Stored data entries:
┌──
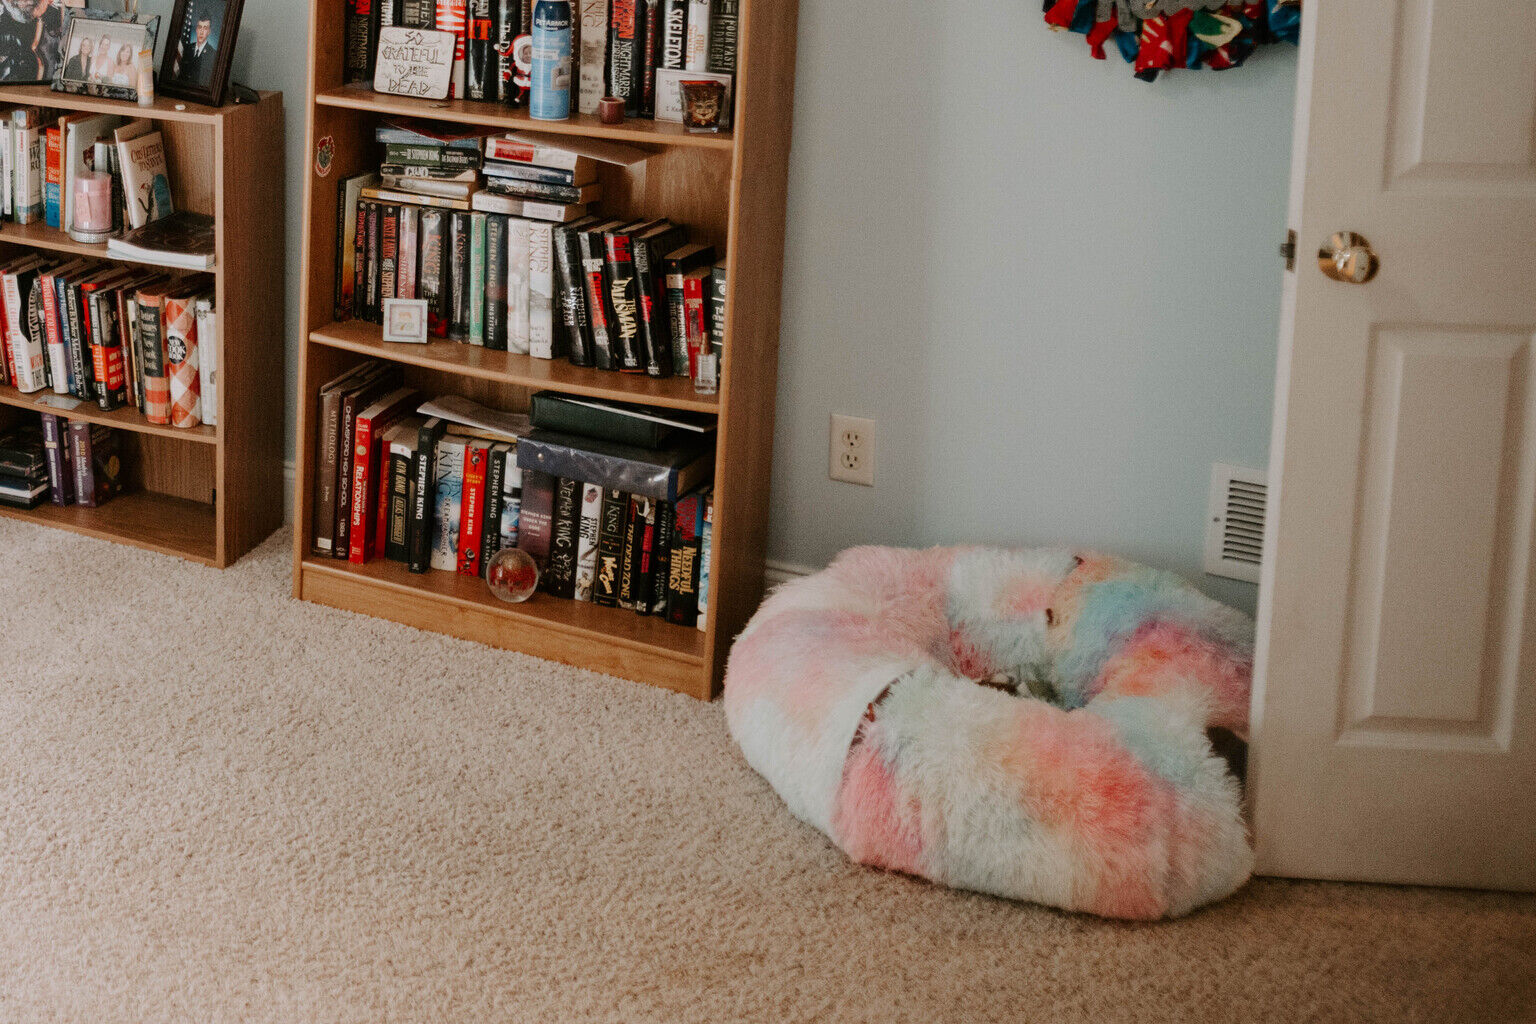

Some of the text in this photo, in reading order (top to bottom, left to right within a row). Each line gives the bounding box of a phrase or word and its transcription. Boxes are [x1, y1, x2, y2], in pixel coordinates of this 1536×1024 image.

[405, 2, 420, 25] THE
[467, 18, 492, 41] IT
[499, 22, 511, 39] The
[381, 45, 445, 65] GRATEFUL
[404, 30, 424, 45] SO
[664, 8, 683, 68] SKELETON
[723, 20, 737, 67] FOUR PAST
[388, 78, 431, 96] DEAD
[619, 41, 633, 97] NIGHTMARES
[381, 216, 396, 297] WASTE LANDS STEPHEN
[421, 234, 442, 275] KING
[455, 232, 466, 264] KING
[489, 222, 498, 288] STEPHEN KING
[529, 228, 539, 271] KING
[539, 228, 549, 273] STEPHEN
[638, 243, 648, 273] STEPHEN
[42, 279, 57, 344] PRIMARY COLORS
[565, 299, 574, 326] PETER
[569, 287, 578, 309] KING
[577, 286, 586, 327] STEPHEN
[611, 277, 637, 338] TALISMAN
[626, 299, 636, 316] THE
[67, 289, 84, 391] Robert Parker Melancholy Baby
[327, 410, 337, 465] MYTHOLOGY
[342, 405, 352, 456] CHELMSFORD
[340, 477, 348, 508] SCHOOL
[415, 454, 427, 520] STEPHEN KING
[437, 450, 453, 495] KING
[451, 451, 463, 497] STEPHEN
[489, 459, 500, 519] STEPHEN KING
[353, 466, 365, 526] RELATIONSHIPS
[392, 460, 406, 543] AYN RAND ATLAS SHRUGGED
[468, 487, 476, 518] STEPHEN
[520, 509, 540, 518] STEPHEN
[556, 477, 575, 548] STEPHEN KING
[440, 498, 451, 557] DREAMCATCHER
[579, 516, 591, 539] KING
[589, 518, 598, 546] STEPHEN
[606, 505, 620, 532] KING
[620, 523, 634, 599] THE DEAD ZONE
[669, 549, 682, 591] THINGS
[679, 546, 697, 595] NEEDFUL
└──
Apart from the images, please copy every line of the data exactly as written.

Some of the text in this photo, in reading order (top to bottom, left to right within a row). Each line gives the bounding box of a phrase or word and its transcription. Boxes are [x1, y1, x2, y2], in pixel coordinates of this 1536×1024 image.

[405, 2, 420, 25] THE
[467, 18, 492, 41] IT
[499, 22, 511, 39] The
[381, 45, 445, 65] GRATEFUL
[404, 30, 424, 45] SO
[664, 8, 683, 68] SKELETON
[723, 20, 737, 67] FOUR PAST
[388, 78, 431, 96] DEAD
[619, 41, 633, 97] NIGHTMARES
[381, 216, 396, 297] WASTE LANDS STEPHEN
[421, 234, 442, 275] KING
[455, 232, 466, 264] KING
[489, 222, 498, 288] STEPHEN KING
[529, 228, 539, 271] KING
[539, 228, 549, 273] STEPHEN
[638, 243, 648, 273] STEPHEN
[42, 279, 57, 344] PRIMARY COLORS
[565, 299, 574, 326] PETER
[569, 287, 578, 309] KING
[577, 286, 586, 327] STEPHEN
[611, 277, 637, 338] TALISMAN
[626, 299, 636, 316] THE
[67, 289, 84, 391] Robert Parker Melancholy Baby
[327, 410, 337, 465] MYTHOLOGY
[342, 405, 352, 456] CHELMSFORD
[340, 477, 348, 508] SCHOOL
[415, 454, 427, 520] STEPHEN KING
[437, 450, 453, 495] KING
[451, 451, 463, 497] STEPHEN
[489, 459, 500, 519] STEPHEN KING
[353, 466, 365, 526] RELATIONSHIPS
[392, 460, 406, 543] AYN RAND ATLAS SHRUGGED
[468, 487, 476, 518] STEPHEN
[520, 509, 540, 518] STEPHEN
[556, 477, 575, 548] STEPHEN KING
[440, 498, 451, 557] DREAMCATCHER
[579, 516, 591, 539] KING
[589, 518, 598, 546] STEPHEN
[606, 505, 620, 532] KING
[620, 523, 634, 599] THE DEAD ZONE
[669, 549, 682, 591] THINGS
[679, 546, 697, 595] NEEDFUL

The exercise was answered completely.